_Task statement_.
Each line below must be set down exactly as it stands.

_The data_.
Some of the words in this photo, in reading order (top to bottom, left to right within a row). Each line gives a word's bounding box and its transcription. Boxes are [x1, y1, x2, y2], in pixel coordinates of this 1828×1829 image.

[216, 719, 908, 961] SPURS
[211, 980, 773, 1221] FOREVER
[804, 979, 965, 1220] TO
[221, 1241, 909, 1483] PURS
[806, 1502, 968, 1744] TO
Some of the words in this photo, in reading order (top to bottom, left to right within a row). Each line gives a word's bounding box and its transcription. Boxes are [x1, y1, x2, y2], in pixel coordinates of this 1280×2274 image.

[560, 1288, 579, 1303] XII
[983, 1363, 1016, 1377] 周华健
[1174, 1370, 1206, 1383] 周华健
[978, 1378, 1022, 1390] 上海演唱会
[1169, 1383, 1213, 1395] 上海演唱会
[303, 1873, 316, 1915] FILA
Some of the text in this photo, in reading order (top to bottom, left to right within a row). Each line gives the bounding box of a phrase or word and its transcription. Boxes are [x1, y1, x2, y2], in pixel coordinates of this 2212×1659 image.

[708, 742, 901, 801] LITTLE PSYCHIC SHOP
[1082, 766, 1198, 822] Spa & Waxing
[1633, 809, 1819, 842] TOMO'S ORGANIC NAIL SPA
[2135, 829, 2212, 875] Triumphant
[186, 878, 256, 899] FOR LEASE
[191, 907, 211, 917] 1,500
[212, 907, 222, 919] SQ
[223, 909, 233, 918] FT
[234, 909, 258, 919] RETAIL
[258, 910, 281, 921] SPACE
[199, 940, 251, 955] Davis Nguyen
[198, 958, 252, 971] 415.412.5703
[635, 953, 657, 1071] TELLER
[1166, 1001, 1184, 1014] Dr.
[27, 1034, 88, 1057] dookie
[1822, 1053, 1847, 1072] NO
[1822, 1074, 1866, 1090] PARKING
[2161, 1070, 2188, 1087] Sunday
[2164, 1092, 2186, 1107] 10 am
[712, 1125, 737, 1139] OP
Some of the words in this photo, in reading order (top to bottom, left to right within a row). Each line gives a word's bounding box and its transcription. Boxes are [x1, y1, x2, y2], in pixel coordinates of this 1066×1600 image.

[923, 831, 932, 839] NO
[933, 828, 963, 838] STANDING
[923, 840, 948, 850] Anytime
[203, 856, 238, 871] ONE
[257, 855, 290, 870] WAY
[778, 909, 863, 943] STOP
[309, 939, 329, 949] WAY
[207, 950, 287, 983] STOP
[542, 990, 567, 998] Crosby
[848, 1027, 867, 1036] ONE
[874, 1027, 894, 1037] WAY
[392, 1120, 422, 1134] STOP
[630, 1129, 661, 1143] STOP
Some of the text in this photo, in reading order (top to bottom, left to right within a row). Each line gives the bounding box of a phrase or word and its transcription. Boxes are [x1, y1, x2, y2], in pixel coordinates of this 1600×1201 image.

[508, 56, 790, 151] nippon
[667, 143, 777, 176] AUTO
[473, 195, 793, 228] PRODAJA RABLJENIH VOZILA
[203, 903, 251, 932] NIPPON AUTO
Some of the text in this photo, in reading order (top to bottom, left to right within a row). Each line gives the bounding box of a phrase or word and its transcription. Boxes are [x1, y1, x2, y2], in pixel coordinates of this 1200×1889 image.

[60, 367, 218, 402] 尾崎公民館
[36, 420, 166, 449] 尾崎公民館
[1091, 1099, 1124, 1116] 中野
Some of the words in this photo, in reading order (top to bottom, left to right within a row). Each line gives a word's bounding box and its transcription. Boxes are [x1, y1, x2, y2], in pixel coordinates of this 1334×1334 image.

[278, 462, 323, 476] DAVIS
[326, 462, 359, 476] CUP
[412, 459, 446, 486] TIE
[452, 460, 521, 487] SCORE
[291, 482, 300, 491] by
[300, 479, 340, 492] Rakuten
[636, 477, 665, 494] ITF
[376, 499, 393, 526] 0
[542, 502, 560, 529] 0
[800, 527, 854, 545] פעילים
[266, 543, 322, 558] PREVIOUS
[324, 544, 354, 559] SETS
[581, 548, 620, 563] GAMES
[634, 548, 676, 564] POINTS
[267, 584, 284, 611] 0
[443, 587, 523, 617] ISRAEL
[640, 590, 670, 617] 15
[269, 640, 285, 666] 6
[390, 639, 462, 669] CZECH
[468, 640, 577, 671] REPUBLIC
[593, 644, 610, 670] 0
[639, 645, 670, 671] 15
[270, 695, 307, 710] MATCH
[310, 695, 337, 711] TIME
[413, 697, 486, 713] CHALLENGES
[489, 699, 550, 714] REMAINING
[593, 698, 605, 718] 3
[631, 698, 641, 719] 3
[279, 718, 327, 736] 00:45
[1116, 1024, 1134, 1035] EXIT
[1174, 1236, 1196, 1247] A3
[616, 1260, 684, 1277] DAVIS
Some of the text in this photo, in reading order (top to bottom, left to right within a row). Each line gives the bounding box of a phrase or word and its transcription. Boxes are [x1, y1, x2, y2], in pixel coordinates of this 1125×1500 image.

_Answer box_.
Some of the words in this photo, in reading order (top to bottom, left to right within a row). Each line gives a word's bounding box and its transcription. Boxes are [x1, y1, x2, y2], in pixel coordinates of this 1828×1829 image.

[216, 719, 908, 961] SPURS
[211, 980, 773, 1221] FOREVER
[804, 979, 965, 1220] TO
[221, 1241, 909, 1483] PURS
[806, 1502, 968, 1744] TO
Some of the words in this photo, in reading order (top to bottom, left to right within a row). Each line gives a word's bounding box and its transcription. Boxes are [x1, y1, x2, y2], in pixel coordinates of this 1280×2274 image.

[560, 1288, 579, 1303] XII
[983, 1363, 1016, 1377] 周华健
[1174, 1370, 1206, 1383] 周华健
[978, 1378, 1022, 1390] 上海演唱会
[1169, 1383, 1213, 1395] 上海演唱会
[303, 1873, 316, 1915] FILA
Some of the text in this photo, in reading order (top to bottom, left to right within a row). Each line gives the bounding box of a phrase or word and its transcription. Boxes are [x1, y1, x2, y2], in pixel coordinates of this 2212×1659 image.

[708, 742, 901, 801] LITTLE PSYCHIC SHOP
[1082, 766, 1198, 822] Spa & Waxing
[1633, 809, 1819, 842] TOMO'S ORGANIC NAIL SPA
[2135, 829, 2212, 875] Triumphant
[186, 878, 256, 899] FOR LEASE
[191, 907, 211, 917] 1,500
[212, 907, 222, 919] SQ
[223, 909, 233, 918] FT
[234, 909, 258, 919] RETAIL
[258, 910, 281, 921] SPACE
[199, 940, 251, 955] Davis Nguyen
[198, 958, 252, 971] 415.412.5703
[635, 953, 657, 1071] TELLER
[1166, 1001, 1184, 1014] Dr.
[27, 1034, 88, 1057] dookie
[1822, 1053, 1847, 1072] NO
[1822, 1074, 1866, 1090] PARKING
[2161, 1070, 2188, 1087] Sunday
[2164, 1092, 2186, 1107] 10 am
[712, 1125, 737, 1139] OP
Some of the words in this photo, in reading order (top to bottom, left to right within a row). Each line gives a word's bounding box and its transcription. Boxes are [x1, y1, x2, y2], in pixel coordinates of this 1066×1600 image.

[923, 831, 932, 839] NO
[933, 828, 963, 838] STANDING
[923, 840, 948, 850] Anytime
[203, 856, 238, 871] ONE
[257, 855, 290, 870] WAY
[778, 909, 863, 943] STOP
[309, 939, 329, 949] WAY
[207, 950, 287, 983] STOP
[542, 990, 567, 998] Crosby
[848, 1027, 867, 1036] ONE
[874, 1027, 894, 1037] WAY
[392, 1120, 422, 1134] STOP
[630, 1129, 661, 1143] STOP
Some of the text in this photo, in reading order (top to bottom, left to right within a row). Each line gives the bounding box of a phrase or word and its transcription. Boxes are [x1, y1, x2, y2], in pixel coordinates of this 1600×1201 image.

[508, 56, 790, 151] nippon
[667, 143, 777, 176] AUTO
[473, 195, 793, 228] PRODAJA RABLJENIH VOZILA
[203, 903, 251, 932] NIPPON AUTO
Some of the text in this photo, in reading order (top to bottom, left to right within a row). Each line gives the bounding box of a phrase or word and its transcription. Boxes are [x1, y1, x2, y2], in pixel coordinates of this 1200×1889 image.

[60, 367, 218, 402] 尾崎公民館
[36, 420, 166, 449] 尾崎公民館
[1091, 1099, 1124, 1116] 中野
Some of the words in this photo, in reading order (top to bottom, left to right within a row). Each line gives a word's bounding box and its transcription. Boxes are [x1, y1, x2, y2], in pixel coordinates of this 1334×1334 image.

[278, 462, 323, 476] DAVIS
[326, 462, 359, 476] CUP
[412, 459, 446, 486] TIE
[452, 460, 521, 487] SCORE
[291, 482, 300, 491] by
[300, 479, 340, 492] Rakuten
[636, 477, 665, 494] ITF
[376, 499, 393, 526] 0
[542, 502, 560, 529] 0
[800, 527, 854, 545] פעילים
[266, 543, 322, 558] PREVIOUS
[324, 544, 354, 559] SETS
[581, 548, 620, 563] GAMES
[634, 548, 676, 564] POINTS
[267, 584, 284, 611] 0
[443, 587, 523, 617] ISRAEL
[640, 590, 670, 617] 15
[269, 640, 285, 666] 6
[390, 639, 462, 669] CZECH
[468, 640, 577, 671] REPUBLIC
[593, 644, 610, 670] 0
[639, 645, 670, 671] 15
[270, 695, 307, 710] MATCH
[310, 695, 337, 711] TIME
[413, 697, 486, 713] CHALLENGES
[489, 699, 550, 714] REMAINING
[593, 698, 605, 718] 3
[631, 698, 641, 719] 3
[279, 718, 327, 736] 00:45
[1116, 1024, 1134, 1035] EXIT
[1174, 1236, 1196, 1247] A3
[616, 1260, 684, 1277] DAVIS
Some of the text in this photo, in reading order (top to bottom, left to right within a row). Each line gives the bounding box of a phrase or word and its transcription. Boxes are [x1, y1, x2, y2], in pixel coordinates of this 1125×1500 image.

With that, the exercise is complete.